> BRIEF:
Every entry below is to be copied exactly, with nothing left out.

========================================================================

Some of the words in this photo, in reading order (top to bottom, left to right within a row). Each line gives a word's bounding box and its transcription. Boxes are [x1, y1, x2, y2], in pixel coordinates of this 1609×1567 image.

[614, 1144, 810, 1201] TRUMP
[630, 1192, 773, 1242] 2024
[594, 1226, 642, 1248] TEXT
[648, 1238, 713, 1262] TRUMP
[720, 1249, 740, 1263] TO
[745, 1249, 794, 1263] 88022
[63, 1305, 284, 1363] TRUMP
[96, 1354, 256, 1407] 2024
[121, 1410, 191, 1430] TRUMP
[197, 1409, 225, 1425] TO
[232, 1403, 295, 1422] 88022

========================================================================

> ANSWER TO THIS PROBLEM:
Some of the words in this photo, in reading order (top to bottom, left to right within a row). Each line gives a word's bounding box and its transcription. Boxes are [x1, y1, x2, y2], in pixel coordinates of this 1609×1567 image.

[614, 1144, 810, 1201] TRUMP
[630, 1192, 773, 1242] 2024
[594, 1226, 642, 1248] TEXT
[648, 1238, 713, 1262] TRUMP
[720, 1249, 740, 1263] TO
[745, 1249, 794, 1263] 88022
[63, 1305, 284, 1363] TRUMP
[96, 1354, 256, 1407] 2024
[121, 1410, 191, 1430] TRUMP
[197, 1409, 225, 1425] TO
[232, 1403, 295, 1422] 88022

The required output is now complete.